Challenge to Univ. of Central Florida’s “Bias-Related Incidents” Policy Can Go Forward

Learn more from the Eleventh Circuit’s decision today Speech First, Inc. v. Cartwright It was written by Judge Kevin Newsom with Judge Stanley Marcus as Judge and District Judge Richard Story. I find it quite correct.

The bias-related-incidents policy creates a mechanism by which a UCF student can be anonymously accused of an act of “hate or bias”—i.e., an “offensive” act, even if “legal” and “unintentional,” that is directed toward another based on any of a number characteristics that echo (but do not precisely mirror) those listed in the discriminatory-harassment policy. JKRT monitor[s]”, “track[s]” bias-related incidents, “coordinate[s]University resources” marshals “comprehensive responses[],” and, where necessary, coordinates “interventions” among affected parties….

The district court held that Speech First lacked standing to challenge the bias-related-incidents policy because, the court said, the JKRT couldn’t punish students itself but, rather, could only refer them to other university actors for discipline. Our opinion is that the court focused solely on JKRT’s authority to punish. The reason, already explained, is that a government actor can objectively chill speech—through its implementation of a policy—even without formally sanctioning it. Although punishment may be relevant in the objective chill analysis and could prove sufficient to cause the chilling effect, an analogous precedent shows that it is not determinative and not always required.

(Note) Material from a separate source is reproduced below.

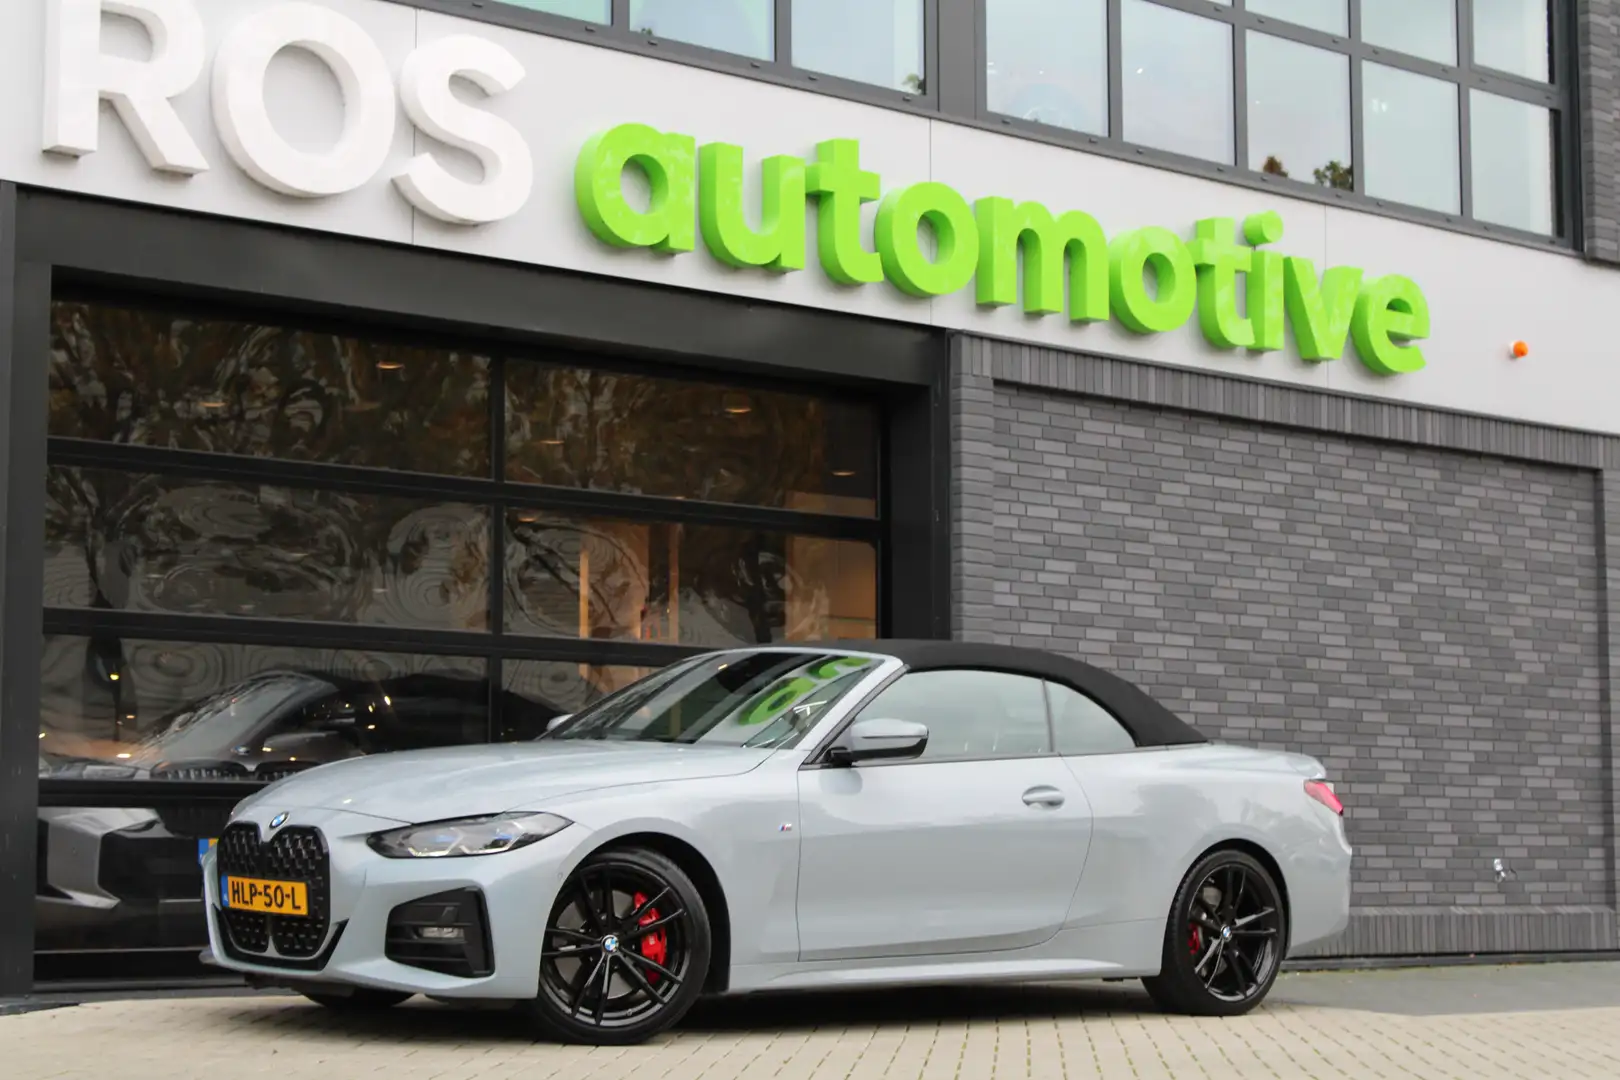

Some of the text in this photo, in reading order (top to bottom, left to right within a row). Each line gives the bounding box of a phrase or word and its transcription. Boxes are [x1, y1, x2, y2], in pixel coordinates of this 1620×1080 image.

[43, 0, 1431, 375] ROS automotive
[231, 881, 300, 909] HLP-50-L

This is the seminal case Bantam Books, Inc. v. Sullivan  (1963). The Supreme Court addressed the legality of some actions taken by the Rhode Island Commission to Encourage Morality In Youth. Its charge was to educate the public about any book, image, pamphlet or printed paper containing indecent, obscene or immoral language or clearly tending to corruption among the youth. It was the practice of the commission to inform a bookeller that some books and magazines he had distributed had been subject to review by it, which had been rejected by most members.[ him]Advance[]For his “cooperation”, to “remind[ him]”of the Commission’s obligation to recommend to Attorney General prosecution for purveyors or obscenity” and inform him[c]The local police received copies of the “objectionable” publications lists.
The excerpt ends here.